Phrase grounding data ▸

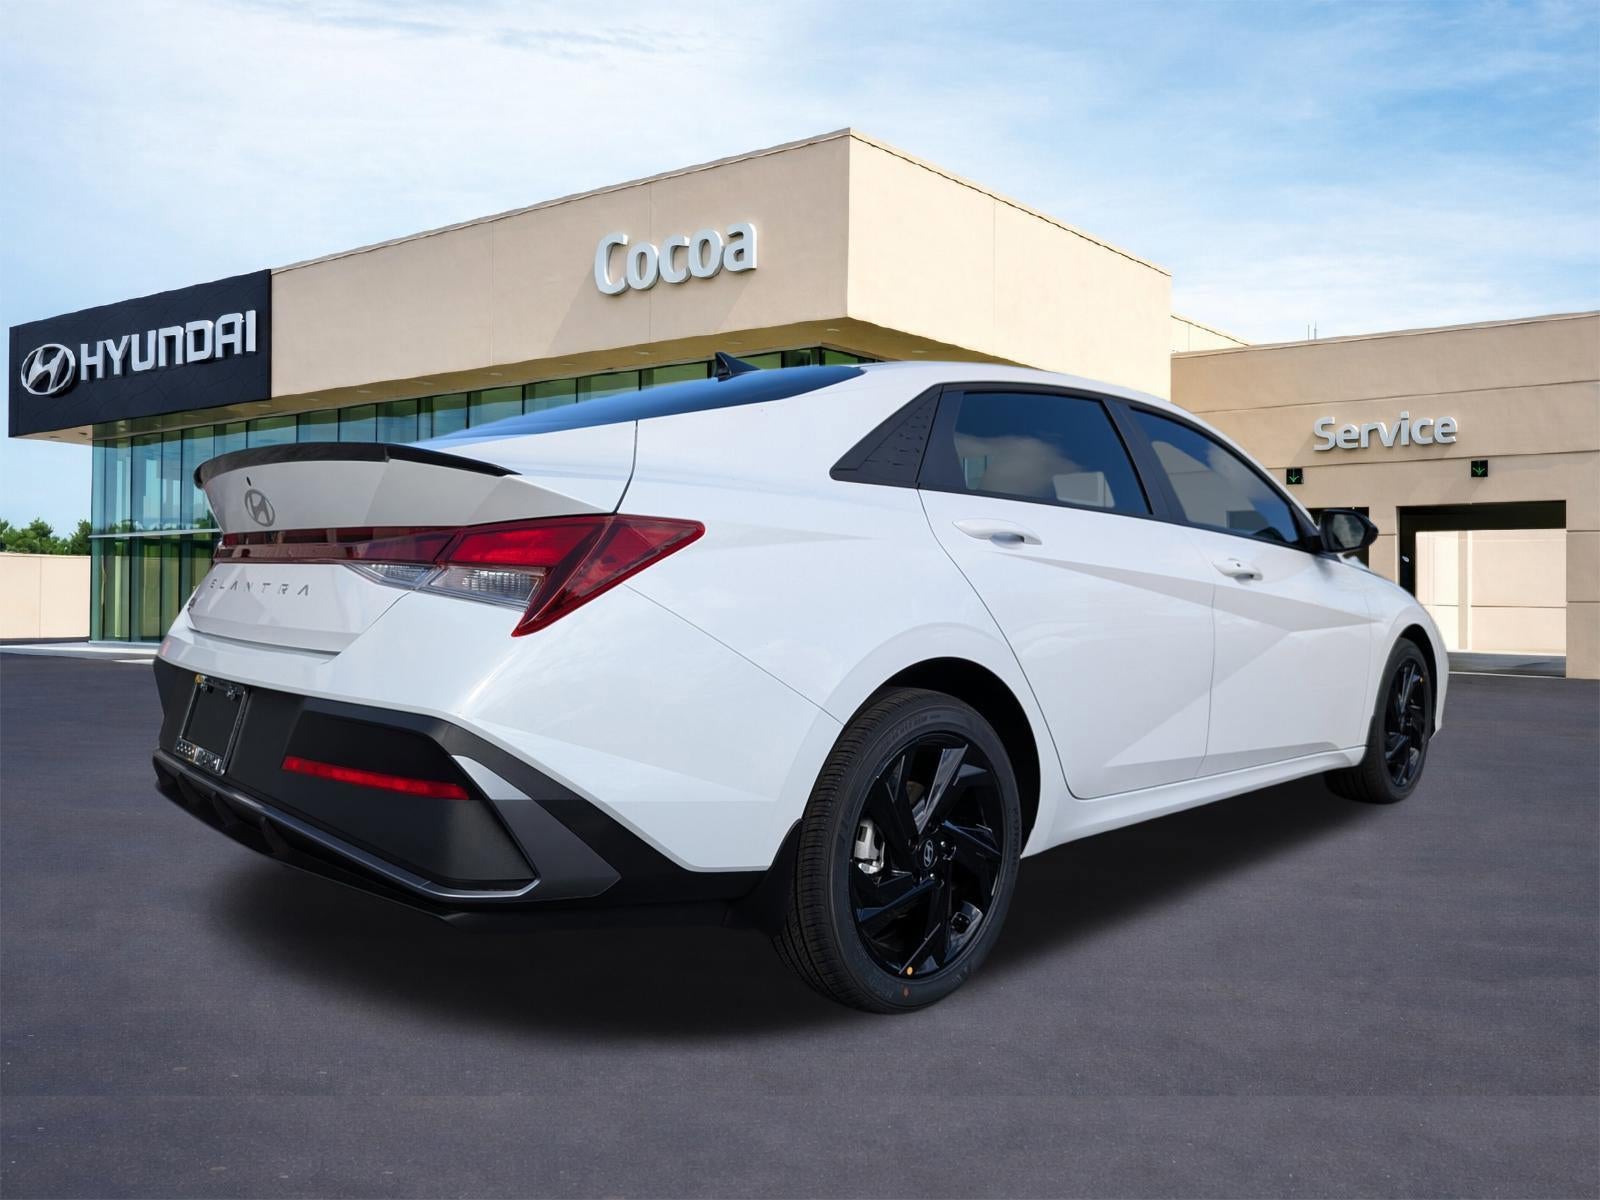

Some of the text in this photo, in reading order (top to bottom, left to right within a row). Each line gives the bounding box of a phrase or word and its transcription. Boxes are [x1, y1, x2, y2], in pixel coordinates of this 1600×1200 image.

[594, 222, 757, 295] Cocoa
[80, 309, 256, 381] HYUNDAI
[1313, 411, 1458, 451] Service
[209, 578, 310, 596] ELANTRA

Task to complete ▸
Leaving the pictures out, transcribe the entries above exactly as written.

Answer for the task ▸
Some of the text in this photo, in reading order (top to bottom, left to right within a row). Each line gives the bounding box of a phrase or word and its transcription. Boxes are [x1, y1, x2, y2], in pixel coordinates of this 1600×1200 image.

[594, 222, 757, 295] Cocoa
[80, 309, 256, 381] HYUNDAI
[1313, 411, 1458, 451] Service
[209, 578, 310, 596] ELANTRA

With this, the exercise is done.